PhilHealth

PhilHealth must improve enrollment in the formal economy to achieve full coverage – PIDS study

If you wish to know more about this study, you may download the Policy Note here.

Gauging the efficacy of enrollment in PhilHealth’s Employed Program will help policymakers in the health sector determine a more effective approach in achieving the goal of universal coverage.

Last year, PhilHealth officials iterated their commitment to achieving universal coverage by 2016. President Benigno Aquino III signed an amendment of the National Health Insurance Act highlighting the responsibility of the national government to cover the health insurance premiums of Filipinos in the informal sector.

However, full coverage in the formal sector also needs due attention and improvement. Thirty percent of PhilHealth’s members come from the formal economy where enrollment is mandatory. But based on a study by state think tank Philippine Institute for Development Studies (PIDS), “full coverage” is “yet to be achieved”.
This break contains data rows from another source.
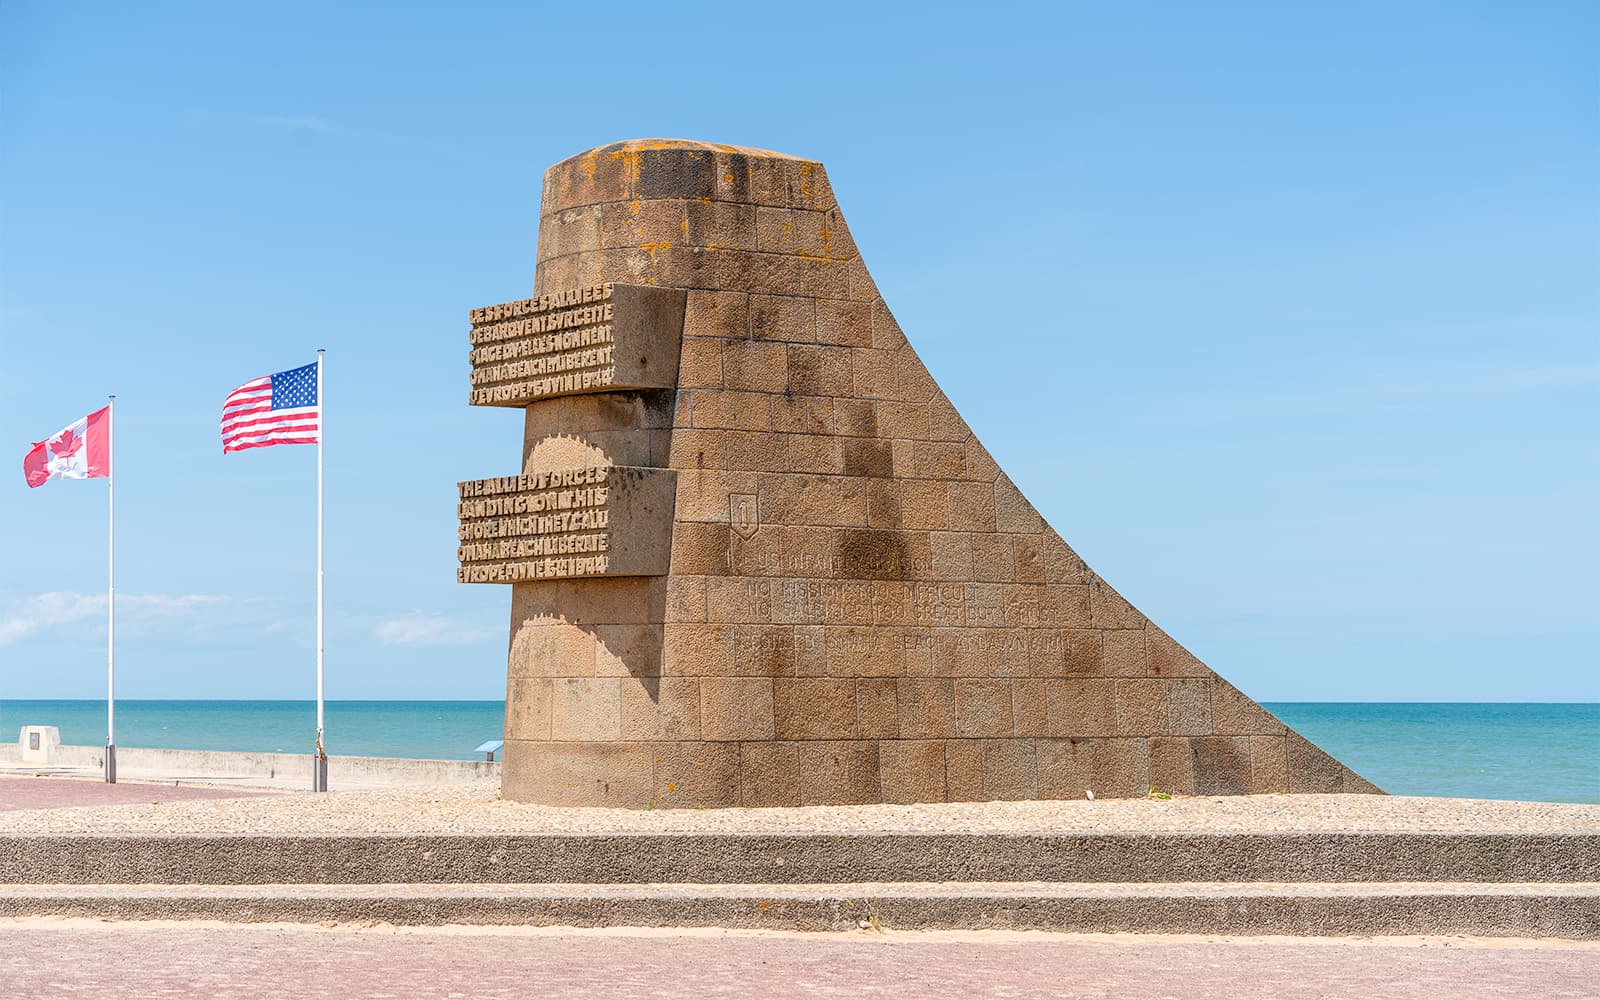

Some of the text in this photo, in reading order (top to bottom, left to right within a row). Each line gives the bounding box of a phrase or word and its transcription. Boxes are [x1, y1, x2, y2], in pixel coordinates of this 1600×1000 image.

[469, 282, 614, 324] LES FORCES ALLIEES
[574, 302, 614, 328] CETTE
[470, 346, 503, 366] PLAGE
[553, 323, 614, 353] NOMMENT
[470, 363, 510, 386] OMAHA
[510, 356, 546, 380] BEACH
[457, 464, 609, 499] THE ALLIED FORCES
[457, 495, 527, 520] LANDING
[458, 507, 609, 542] SHORE WHICH THEY CALL
[457, 531, 609, 563] OMAHA BEACH LIBERATE
[747, 581, 770, 598] NO
[781, 581, 846, 600] MISSION
[747, 601, 770, 618] NO
The private sector currently sits at 95-percent coverage, while the government employed sector sits at 75 percent. Denise Valerie Silverberg, author of the study, argues that examining the level of PhilHealth coverage and enrollment in the formal sector will help policymakers bridge that gap.
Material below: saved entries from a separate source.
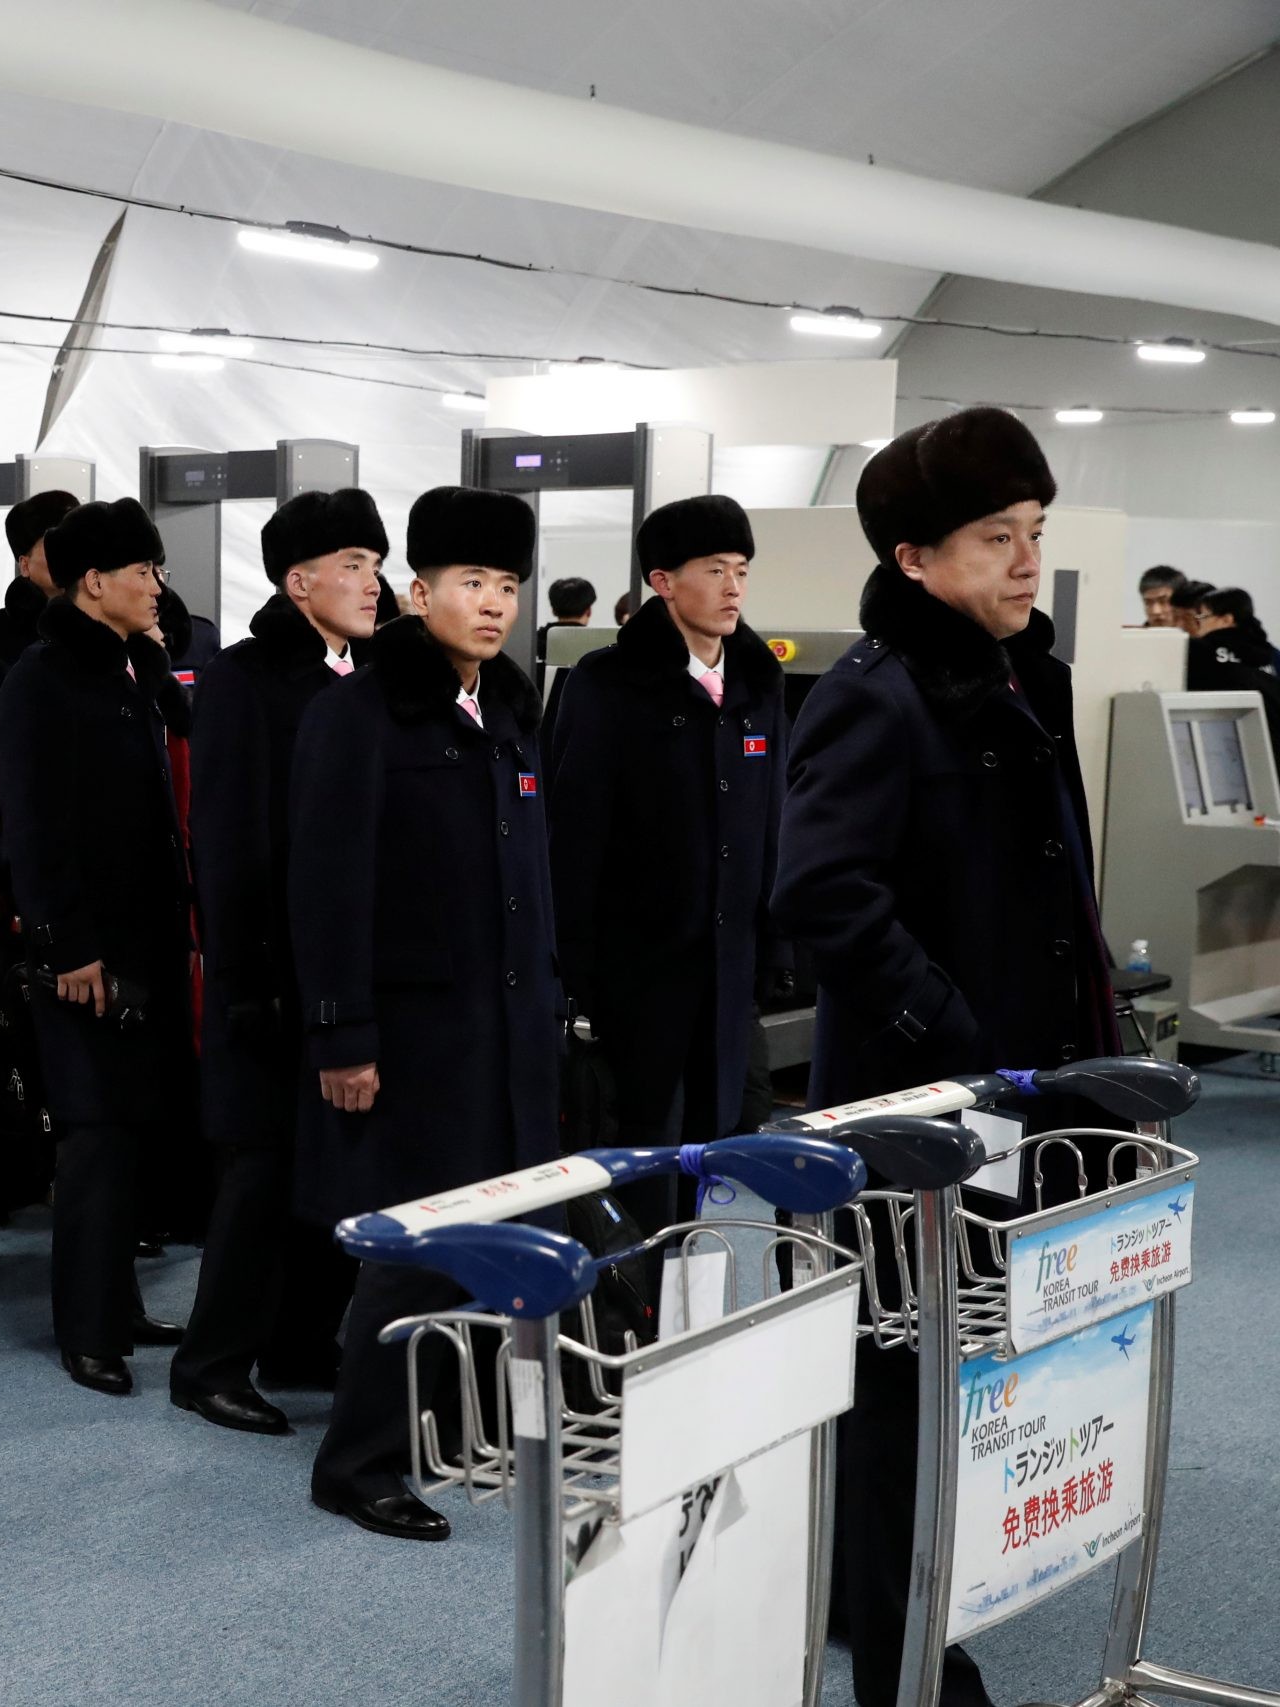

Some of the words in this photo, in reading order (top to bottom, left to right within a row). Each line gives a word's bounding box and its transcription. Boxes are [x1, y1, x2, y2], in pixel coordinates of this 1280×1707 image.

[1111, 1219, 1172, 1255] トランジットツアー
[1036, 1241, 1077, 1293] free
[1110, 1241, 1172, 1284] 免费换乘旅游
[1157, 1274, 1173, 1286] Incheon
[1043, 1278, 1070, 1298] KOREA
[1043, 1290, 1075, 1312] TRANSIT
[1076, 1280, 1099, 1299] TOUR
[961, 1371, 1019, 1438] free
[971, 1429, 1016, 1462] TRANSIT
[1019, 1415, 1046, 1441] TOUR
[972, 1416, 1008, 1444] KOREA
[1004, 1415, 1115, 1494] トランジットツアー
[1002, 1457, 1114, 1555] 免费换乘旅游
[1102, 1524, 1123, 1548] Incheon
[1124, 1512, 1141, 1537] Airport
Silfverberg surmised that the gap in coverage can be explained by looking at how some agencies comply with labor policy. For example, the low coverage rates may be attributed to the significant number of contractual employees in government who do not enjoy the benefits of being enrolled in PhilHealth.

The perpetuation of contractual employees—something the private sector is just as guilty— allows firms and agencies to stall enrollment of employees into the PhilHealth Employed Program and withhold “appropriate benefits”. 
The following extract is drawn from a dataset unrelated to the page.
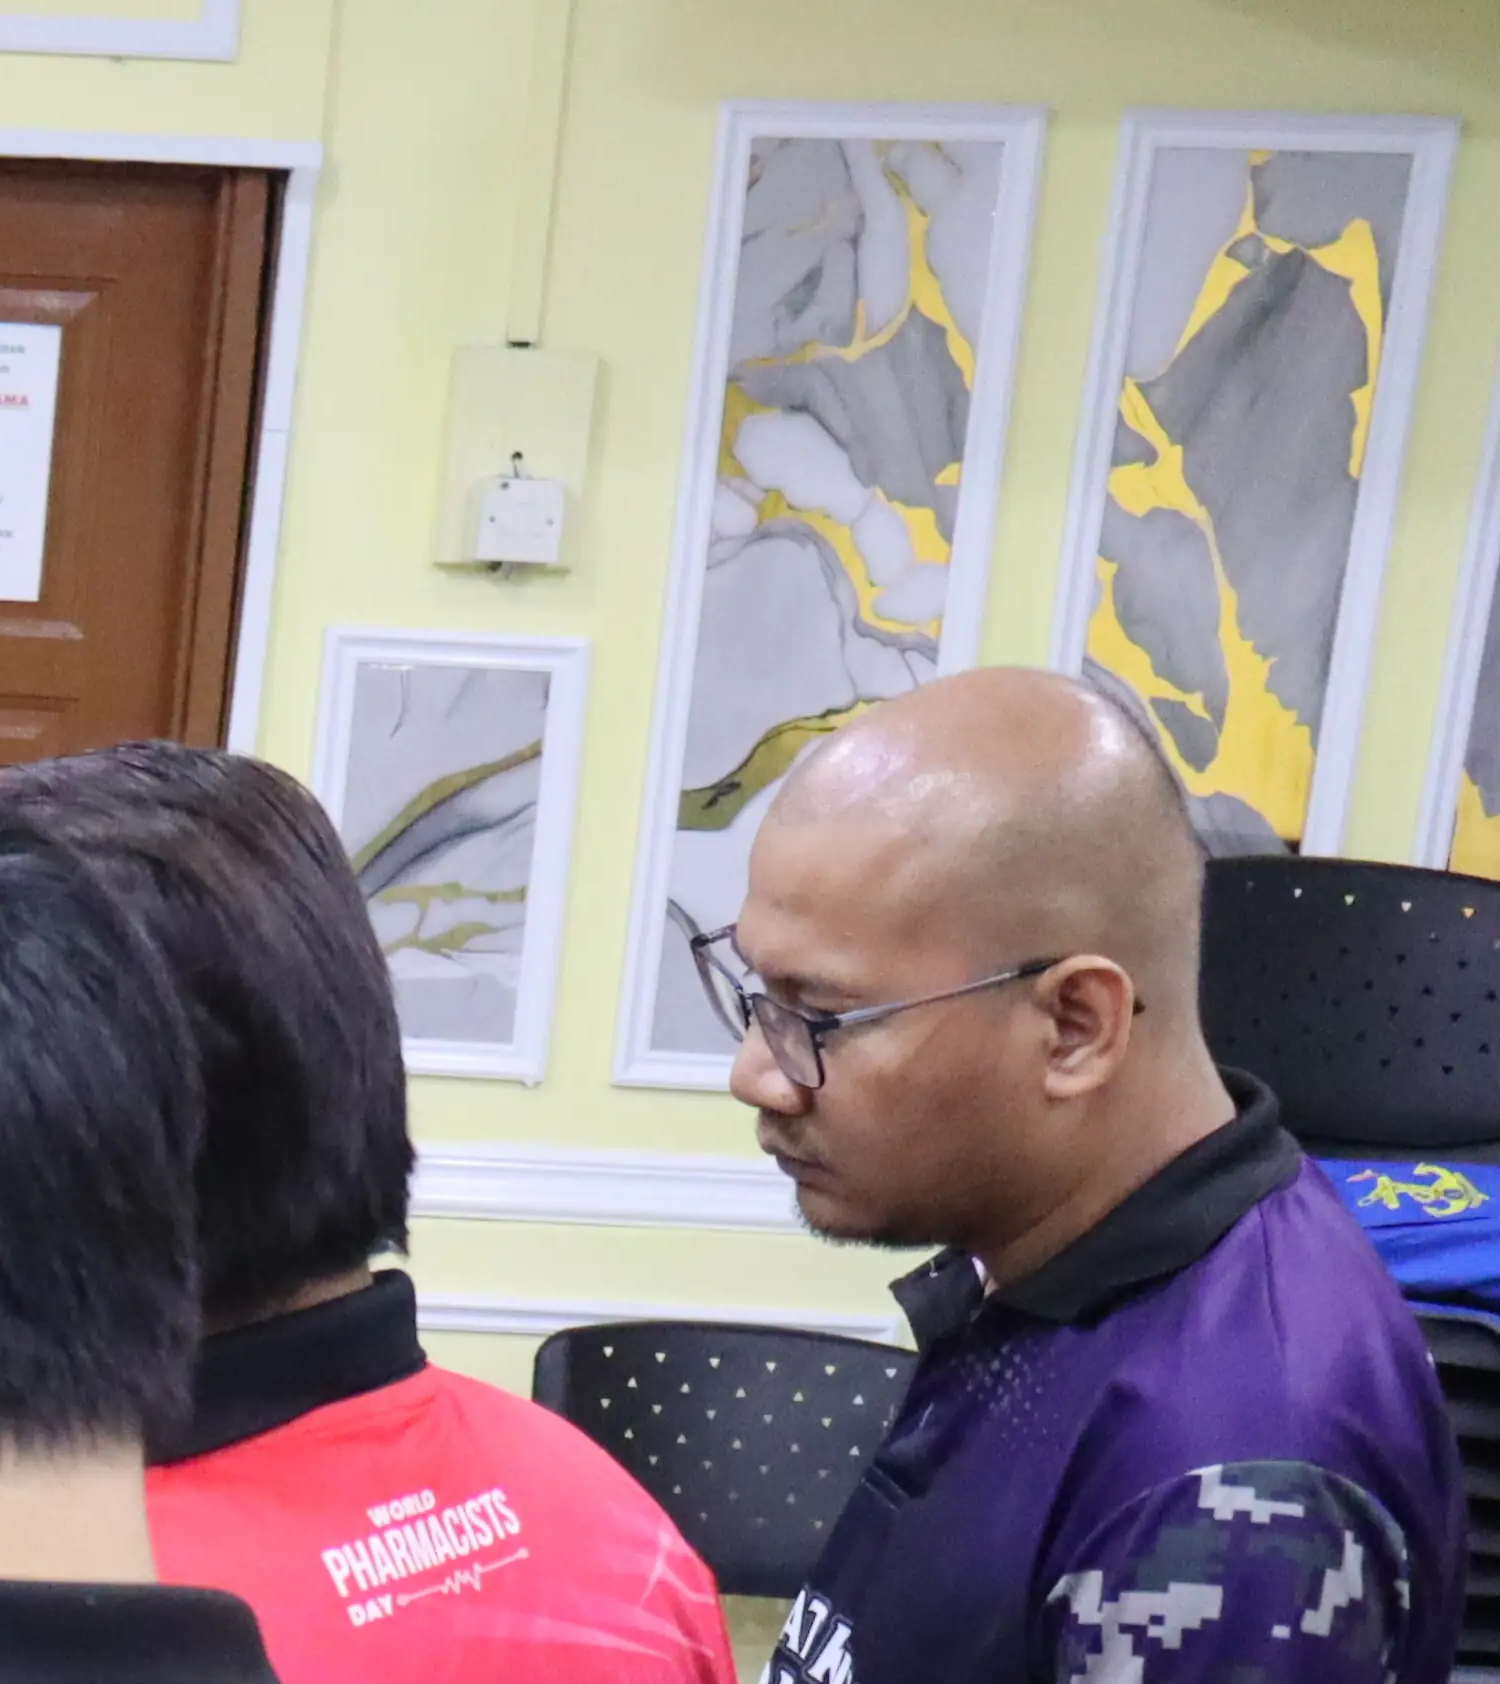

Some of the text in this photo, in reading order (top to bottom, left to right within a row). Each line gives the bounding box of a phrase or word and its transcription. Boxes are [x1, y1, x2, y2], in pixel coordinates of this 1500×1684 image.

[366, 1489, 436, 1528] WORLD
[320, 1487, 521, 1599] PHARMACISTS
[347, 1593, 393, 1627] DAY
But companies deliberately shortchanging employees are not just the only flaws. Variations of enrollment rate can also be produced by characteristics that set the private and government sector apart, and other factors like establishment size and area.

For the private sector, sectoral employment, nature of employment, union coverage, union-employees ration, and number of employees all influence variations of coverage rate. But in the provinces, it is the size of the firm that matters.

“More employees hired by medium-sized establishments lead to a higher likelihood for the province to have lower coverage,” Silfverberg pointed out, “On the contrary, the greater the number of employees in large-sized enterprises, the more likely it is for the province to have higher coverage levels.”


Silfverberg concluded that before the country can work toward full coverage, policymakers must find a way to address the problems that impede effective implementation of the national health insurance program. Enrollment should be more targeted, depending on the sectors where undercoverage occurs the most.

Monitoring by PhilHealth should also be strengthened. Medium-sized establishments, surmised by Silfverberg, are more likely to short change employees when it comes to health insurance enrollment if they are not closely monitored.

Employers have to be held accountable to follow the labor code provision on employee regularization. The rules are often undermined by resorting to a six-month cycle to prevent employees from being regularized, and to refrain from giving them their due benefits.

Employers—both public and private—should enroll their employees into the program, whether they are regular or casual.  Compliance at the local government level should be also closely monitored. After all, it would be harder to close the gap if government units themselves do not implement the health insurance program in their own offices.